● REQUIREMENT:
Please return all of the data exactly as written.

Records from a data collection
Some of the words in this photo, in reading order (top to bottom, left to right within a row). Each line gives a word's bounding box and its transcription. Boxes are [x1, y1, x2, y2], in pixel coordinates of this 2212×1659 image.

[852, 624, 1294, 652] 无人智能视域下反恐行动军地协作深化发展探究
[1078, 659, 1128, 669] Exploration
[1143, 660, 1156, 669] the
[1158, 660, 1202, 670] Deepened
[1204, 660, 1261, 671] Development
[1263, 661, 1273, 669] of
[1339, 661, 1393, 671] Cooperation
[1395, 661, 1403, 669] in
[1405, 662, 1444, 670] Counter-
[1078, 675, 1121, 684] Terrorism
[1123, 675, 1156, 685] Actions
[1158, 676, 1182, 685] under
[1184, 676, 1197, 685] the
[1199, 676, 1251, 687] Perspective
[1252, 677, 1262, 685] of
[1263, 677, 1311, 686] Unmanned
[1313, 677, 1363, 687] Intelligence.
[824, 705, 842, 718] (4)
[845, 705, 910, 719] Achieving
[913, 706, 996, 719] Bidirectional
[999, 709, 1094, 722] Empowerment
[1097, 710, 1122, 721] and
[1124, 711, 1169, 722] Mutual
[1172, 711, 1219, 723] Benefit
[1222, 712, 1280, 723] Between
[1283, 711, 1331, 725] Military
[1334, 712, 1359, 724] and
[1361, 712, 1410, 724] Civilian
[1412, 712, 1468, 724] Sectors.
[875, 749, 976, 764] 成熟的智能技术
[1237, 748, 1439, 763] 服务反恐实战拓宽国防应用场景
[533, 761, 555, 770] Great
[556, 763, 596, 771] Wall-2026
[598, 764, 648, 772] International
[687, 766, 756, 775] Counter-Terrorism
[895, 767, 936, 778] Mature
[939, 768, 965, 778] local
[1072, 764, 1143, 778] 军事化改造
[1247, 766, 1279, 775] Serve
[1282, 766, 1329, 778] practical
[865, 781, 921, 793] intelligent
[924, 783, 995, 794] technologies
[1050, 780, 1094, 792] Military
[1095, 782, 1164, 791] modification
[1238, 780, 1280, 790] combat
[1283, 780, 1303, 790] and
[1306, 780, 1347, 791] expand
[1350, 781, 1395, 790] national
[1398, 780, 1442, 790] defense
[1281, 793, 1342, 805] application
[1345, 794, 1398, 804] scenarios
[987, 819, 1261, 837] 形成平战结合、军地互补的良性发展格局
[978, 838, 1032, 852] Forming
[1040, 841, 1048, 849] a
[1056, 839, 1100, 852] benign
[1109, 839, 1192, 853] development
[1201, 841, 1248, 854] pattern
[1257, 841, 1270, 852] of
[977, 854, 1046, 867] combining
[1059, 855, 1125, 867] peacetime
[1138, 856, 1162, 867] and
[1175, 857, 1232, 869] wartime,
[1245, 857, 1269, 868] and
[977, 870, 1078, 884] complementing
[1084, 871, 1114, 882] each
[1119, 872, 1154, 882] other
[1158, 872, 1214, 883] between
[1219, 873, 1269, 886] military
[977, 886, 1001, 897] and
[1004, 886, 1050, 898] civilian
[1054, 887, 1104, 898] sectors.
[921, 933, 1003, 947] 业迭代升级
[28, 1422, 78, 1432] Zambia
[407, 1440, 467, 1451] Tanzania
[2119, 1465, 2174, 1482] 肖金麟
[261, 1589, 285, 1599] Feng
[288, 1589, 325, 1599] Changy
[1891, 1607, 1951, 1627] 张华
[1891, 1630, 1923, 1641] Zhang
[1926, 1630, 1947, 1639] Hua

● SOLVED EXERCISE:
Some of the words in this photo, in reading order (top to bottom, left to right within a row). Each line gives a word's bounding box and its transcription. Boxes are [x1, y1, x2, y2], in pixel coordinates of this 2212×1659 image.

[852, 624, 1294, 652] 无人智能视域下反恐行动军地协作深化发展探究
[1078, 659, 1128, 669] Exploration
[1143, 660, 1156, 669] the
[1158, 660, 1202, 670] Deepened
[1204, 660, 1261, 671] Development
[1263, 661, 1273, 669] of
[1339, 661, 1393, 671] Cooperation
[1395, 661, 1403, 669] in
[1405, 662, 1444, 670] Counter-
[1078, 675, 1121, 684] Terrorism
[1123, 675, 1156, 685] Actions
[1158, 676, 1182, 685] under
[1184, 676, 1197, 685] the
[1199, 676, 1251, 687] Perspective
[1252, 677, 1262, 685] of
[1263, 677, 1311, 686] Unmanned
[1313, 677, 1363, 687] Intelligence.
[824, 705, 842, 718] (4)
[845, 705, 910, 719] Achieving
[913, 706, 996, 719] Bidirectional
[999, 709, 1094, 722] Empowerment
[1097, 710, 1122, 721] and
[1124, 711, 1169, 722] Mutual
[1172, 711, 1219, 723] Benefit
[1222, 712, 1280, 723] Between
[1283, 711, 1331, 725] Military
[1334, 712, 1359, 724] and
[1361, 712, 1410, 724] Civilian
[1412, 712, 1468, 724] Sectors.
[875, 749, 976, 764] 成熟的智能技术
[1237, 748, 1439, 763] 服务反恐实战拓宽国防应用场景
[533, 761, 555, 770] Great
[556, 763, 596, 771] Wall-2026
[598, 764, 648, 772] International
[687, 766, 756, 775] Counter-Terrorism
[895, 767, 936, 778] Mature
[939, 768, 965, 778] local
[1072, 764, 1143, 778] 军事化改造
[1247, 766, 1279, 775] Serve
[1282, 766, 1329, 778] practical
[865, 781, 921, 793] intelligent
[924, 783, 995, 794] technologies
[1050, 780, 1094, 792] Military
[1095, 782, 1164, 791] modification
[1238, 780, 1280, 790] combat
[1283, 780, 1303, 790] and
[1306, 780, 1347, 791] expand
[1350, 781, 1395, 790] national
[1398, 780, 1442, 790] defense
[1281, 793, 1342, 805] application
[1345, 794, 1398, 804] scenarios
[987, 819, 1261, 837] 形成平战结合、军地互补的良性发展格局
[978, 838, 1032, 852] Forming
[1040, 841, 1048, 849] a
[1056, 839, 1100, 852] benign
[1109, 839, 1192, 853] development
[1201, 841, 1248, 854] pattern
[1257, 841, 1270, 852] of
[977, 854, 1046, 867] combining
[1059, 855, 1125, 867] peacetime
[1138, 856, 1162, 867] and
[1175, 857, 1232, 869] wartime,
[1245, 857, 1269, 868] and
[977, 870, 1078, 884] complementing
[1084, 871, 1114, 882] each
[1119, 872, 1154, 882] other
[1158, 872, 1214, 883] between
[1219, 873, 1269, 886] military
[977, 886, 1001, 897] and
[1004, 886, 1050, 898] civilian
[1054, 887, 1104, 898] sectors.
[921, 933, 1003, 947] 业迭代升级
[28, 1422, 78, 1432] Zambia
[407, 1440, 467, 1451] Tanzania
[2119, 1465, 2174, 1482] 肖金麟
[261, 1589, 285, 1599] Feng
[288, 1589, 325, 1599] Changy
[1891, 1607, 1951, 1627] 张华
[1891, 1630, 1923, 1641] Zhang
[1926, 1630, 1947, 1639] Hua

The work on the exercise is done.